Has The Crown Established Possession of Controlled Substances for the Purpose of Trafficking and Possession of Proceeds of Crime Beyond a Reasonable Doubt?
[66] In my view, the evidence that the controlled substances located on Mr. Rusha upon his arrest and in his home on September 20, 2022 were possessed for the purpose of trafficking is highly compelling. I am satisfied that the only reasonable inference, when the evidence is looked at as a whole and cumulatively, is that Mr. Rusha possessed the controlled substances for the purpose of trafficking.
[67] First, the quantity of fentanyl seized supports an inference that the possession was for the purpose of trafficking. I accept that Mr. Rusha was injured in a shooting and may suffer from chronic pain. I cannot exclude the possibility that he is a fentanyl user and uses fentanyl to manage his pain. However, the amount of fentanyl Mr. Rusha had in his home well exceeded what he used on a daily, or even weekly basis. For reasons I have already set out, I have rejected Mr. Rusha’s explanations for why he had the quantities of fentanyl and his evidence that the fentanyl located in his home and upon his arrest was for his personal use.
[68] As I will address below, DC Moxam’s evidence about the habits and practices of drug users further supports a conclusion that the quantity of fentanyl seized in this case is consistent with drug trafficking.
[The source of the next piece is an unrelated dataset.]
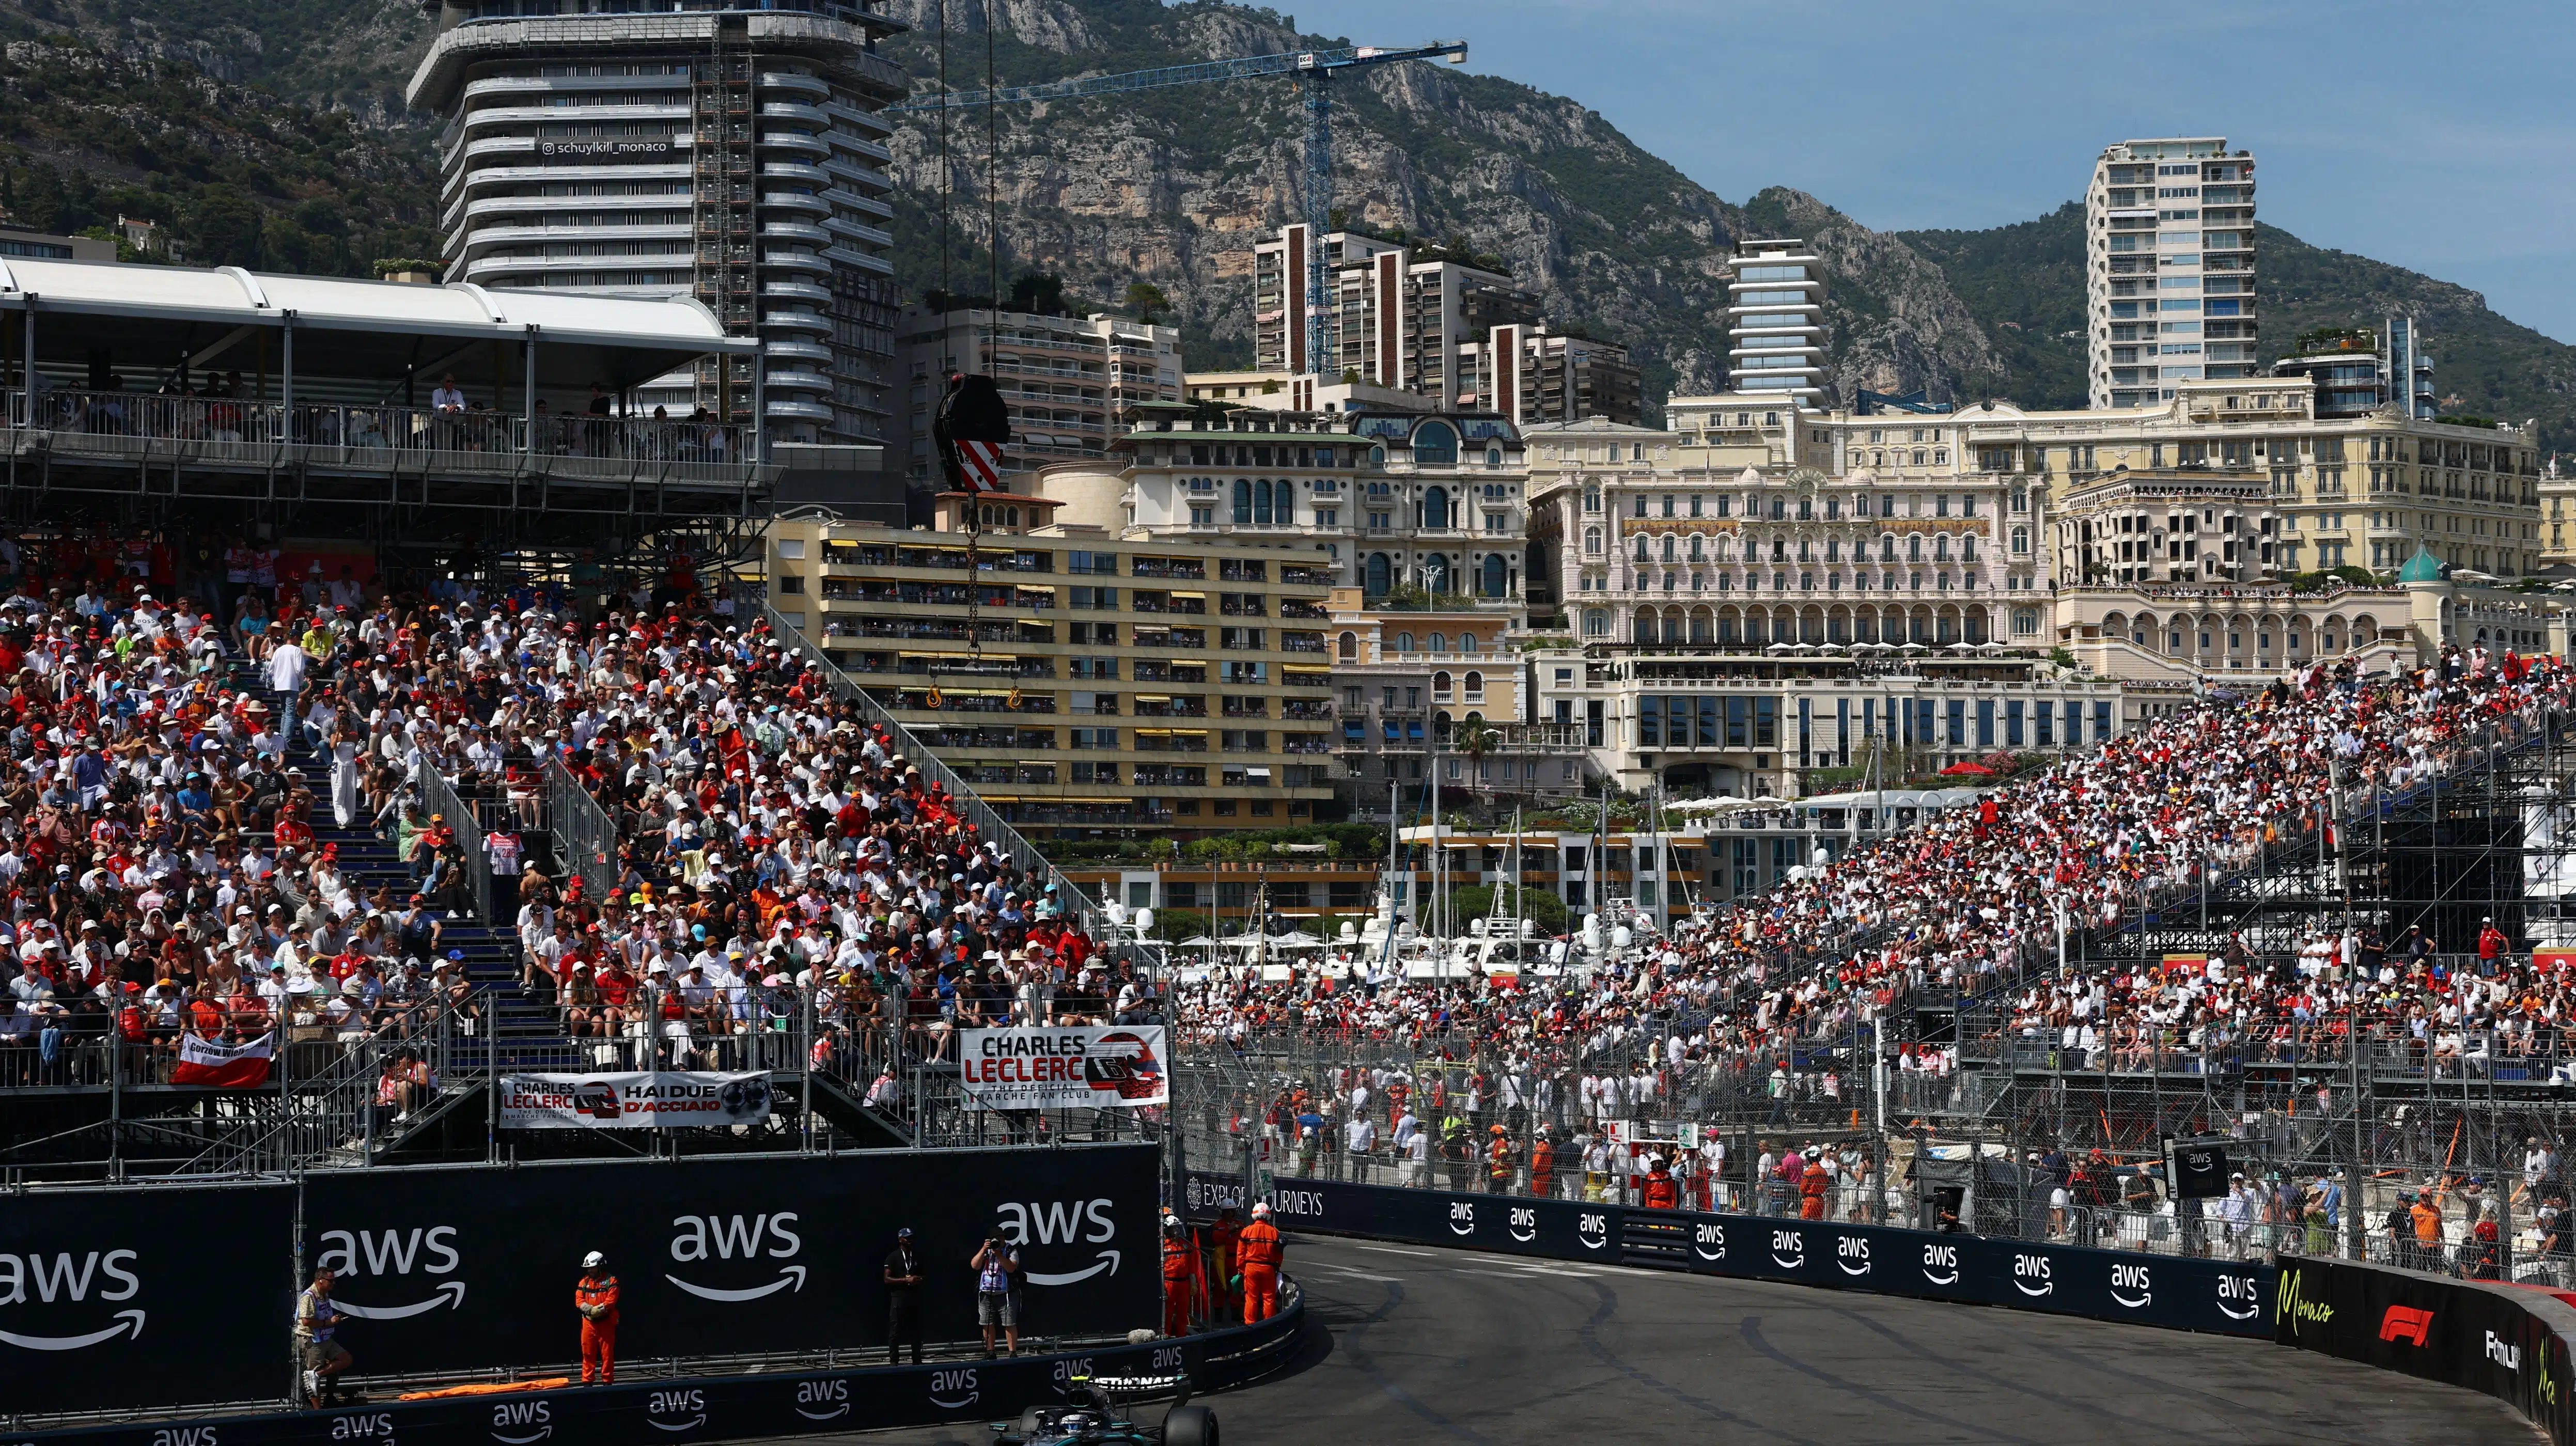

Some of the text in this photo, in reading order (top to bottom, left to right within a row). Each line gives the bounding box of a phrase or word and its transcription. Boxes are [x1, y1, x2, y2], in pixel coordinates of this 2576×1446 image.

[69] Second, there was no paraphernalia related to personal drug consumption located on Mr. Rusha at the time of his arrest or at his home. If Mr. Rusha was using drugs as heavily as he claimed, and possessed all the controlled substances only for personal use, it is not believable that there would be no indicators of personal use on his person or at his home.
[70] Third, Mr. Rusha’s possession of fentanyl was done in combination with being in possessing of significant quantities of other drugs, including a large amount of cocaine, various other opioids including oxycodone, Dilaudid, and Percocet, as well as alprazolam (Xanax), MDMA, and psylocybin. The combination of different drugs lends significant support to the inference that Mr. Rusha possessed the controlled substances for the purposes of trafficking. DC Moxam’s opinion evidence supports this conclusion.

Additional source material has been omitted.